Nolan menggelengkan kepalanya, sebuah kata maaf bahkan tak mampu membuat hati Nolan membaik seperti sedia kala. Dia kecewa, amat sangat kecewa saat ini.
Entah pada dirinya, pada Julian ataupun pada alam semesta yang tak sudi mengizinkan mereka bersama. Di saat Nolan tahu bahwa cintanya terbalaskan namun, di saat itu juga ia tahu bahwa mereka tidak akan bisa bersama.
Kalau mau di kata Tuhan saat ini jahat sekali, ya? Nolan baru bahagia sebentar saja ketika ia merasakan apa itu yang namanya bahagia, tapi dengan cepat Dia juga mengambilnya begitu saja.
Kata orang definisi mencintai yang paling benar adalah merelakan.
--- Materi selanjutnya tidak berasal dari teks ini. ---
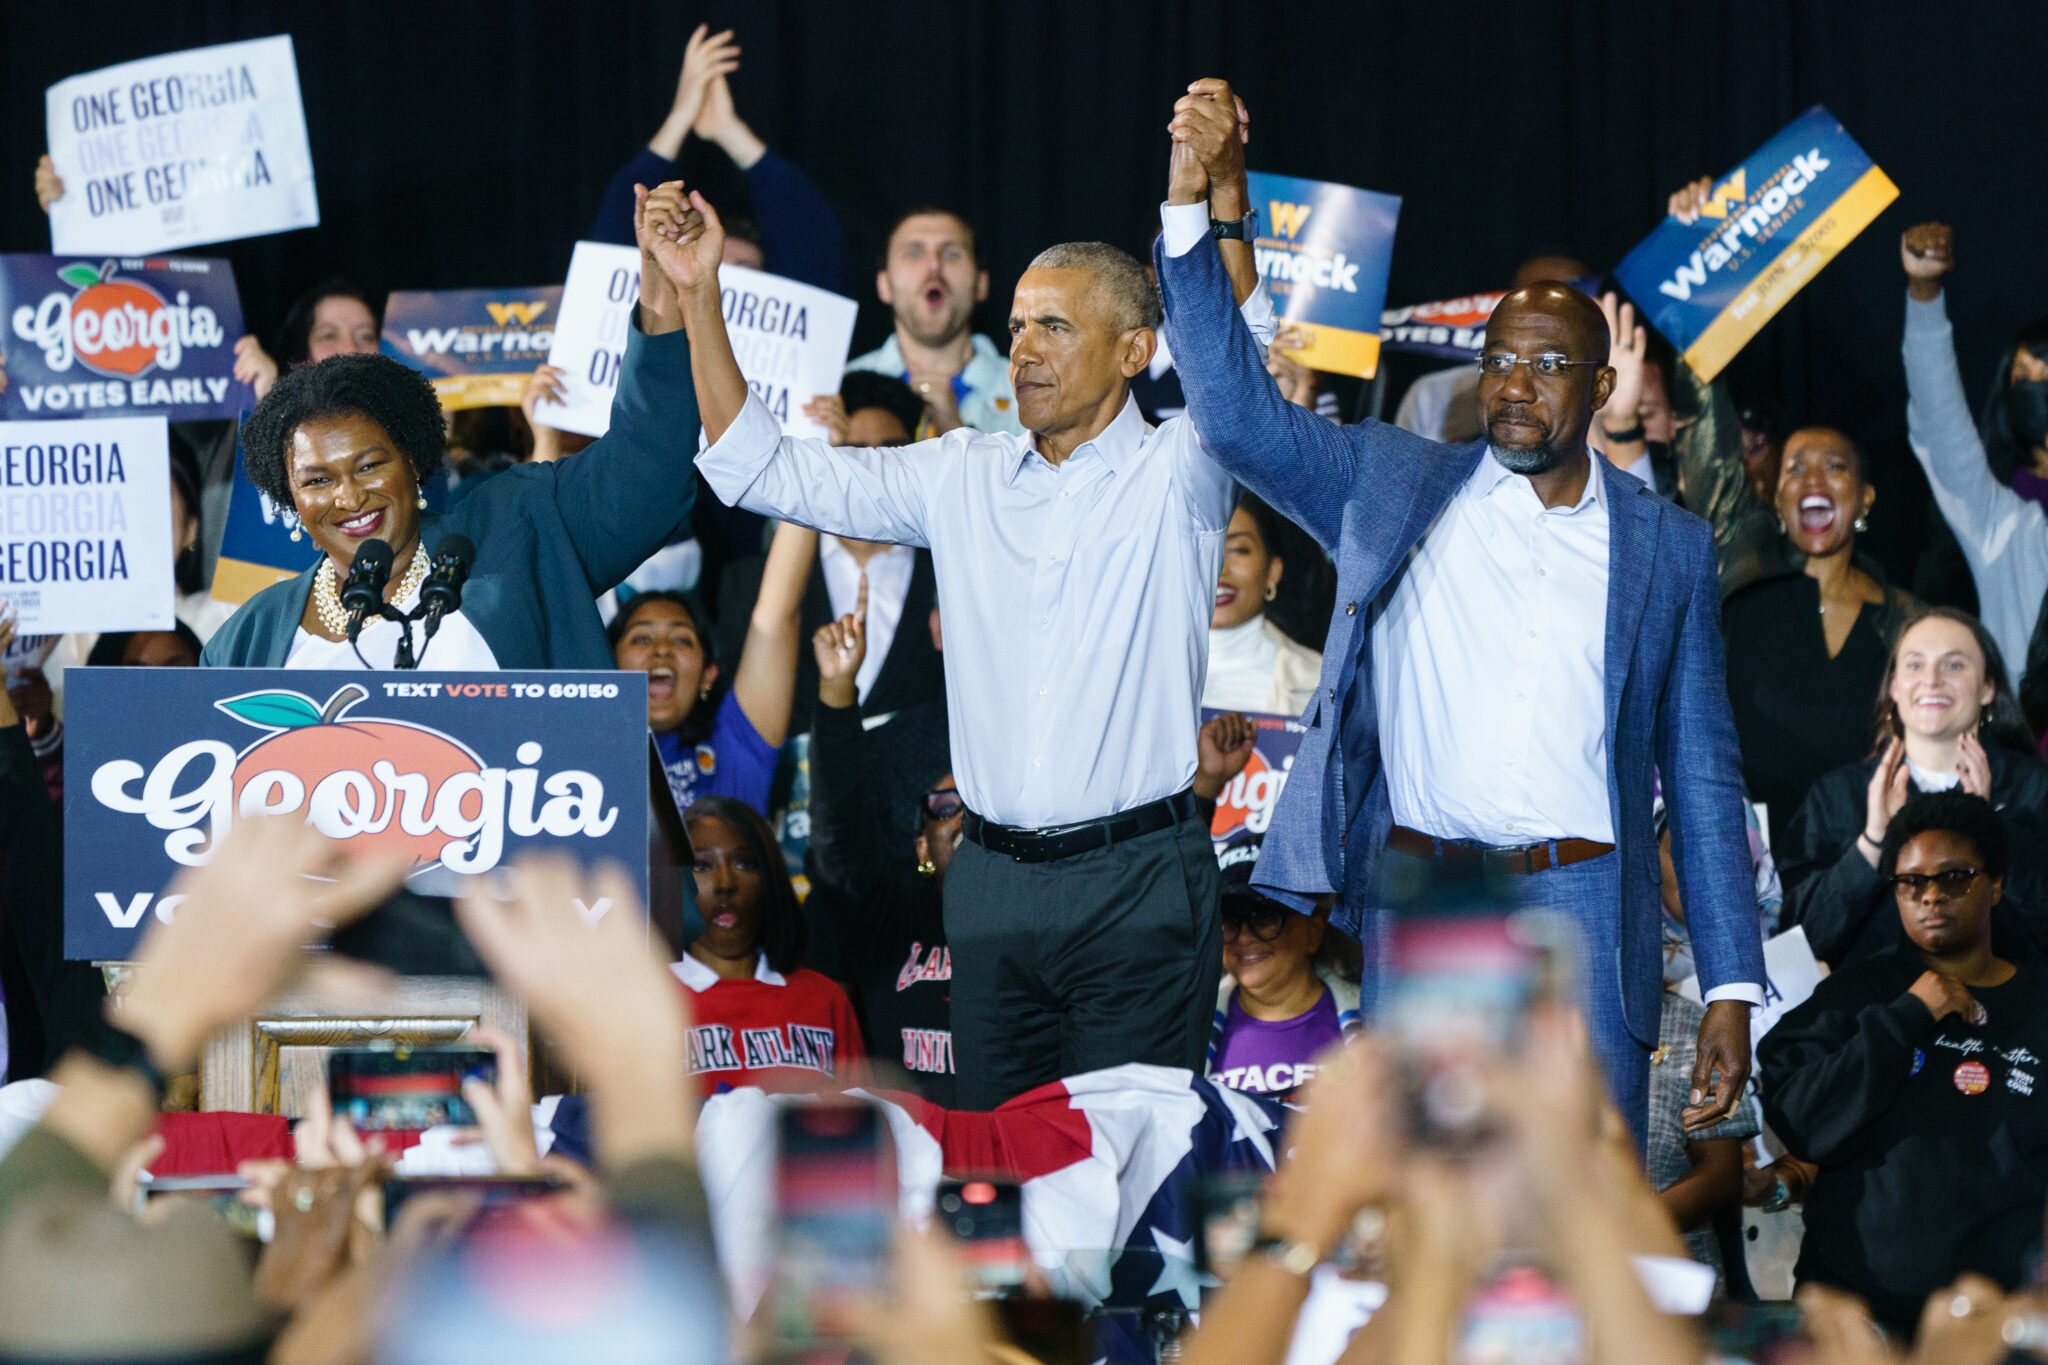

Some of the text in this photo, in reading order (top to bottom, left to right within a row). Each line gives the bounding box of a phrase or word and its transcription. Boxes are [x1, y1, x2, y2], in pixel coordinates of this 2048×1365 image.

[72, 64, 258, 133] ONE GEORGIA
[78, 111, 266, 174] ONE GEOA
[86, 172, 141, 217] ONE
[1658, 147, 1831, 302] Warnock
[1255, 248, 1361, 294] rnock
[12, 290, 225, 372] Georgia
[719, 287, 808, 342] ORGIA
[406, 327, 555, 356] Warno
[19, 377, 229, 411] VOTES EARLY
[0, 443, 126, 487] EORGIA
[0, 491, 127, 536] EORGIA
[0, 539, 129, 583] EORGIA
[382, 683, 619, 699] TEXT VOTE TO 60150
[91, 739, 619, 875] Georgia
[685, 1023, 835, 1078] ARK ATLANT
[901, 1027, 955, 1074] UNI
[1212, 1063, 1325, 1092] TACE
Tapi nyatanya merelakan adalah hal yang paling sulit Nolan lakukan, sudah cukup banyak semua Nolan relakan, Nolan korbankan. Masa mudanya, pendidikannya, segalanya demi menggantikan sang ibu bekerja di kediaman keluarga Neonnor ini.
"Aku berjanji, aku pasti akan kembali padamu, Nolan. Entah dengan cara apapun itu, kuharap kau mau menunggu ku sampai kapanpun itu." Ujar Julian setelahnya. Karena ia memang akan kembali, membuktikan kepada Nolan bahwa dirinya memang benar-benar mencintai pemuda Oliver itu.
Tidak perduli bagaimana kedepannya, setidaknya apa yang Maldev ucapkan padanya waktu itu sudah ia buktikan. Yaitu dengan cara memperjuangkan cintanya, tidak ada yang boleh menggantikan posisi seorang Nolan di hatinya.
"Benarkah?" Nolan angkat kepalanya, menatap ke arah Julian dengan tatapan penuh dengan segala harapan.
Julian mengangguk, mendekatkan wajahnya hanya untuk mengecup sekilas bibir Nolan yang merah. "Ehmm, kau mau menunggu untuk itu kan?"
Nolan mengangguk begitu saja, sebab ia memang tak menemukan adanya kebohongan dari mata milik Julian. Asal itu untuk Julian, mau puluhan tahun pun Nolan akan selalu setia menunggu.
"Pintar, jangan menangis lagi. Hati ku sakit melihatnya."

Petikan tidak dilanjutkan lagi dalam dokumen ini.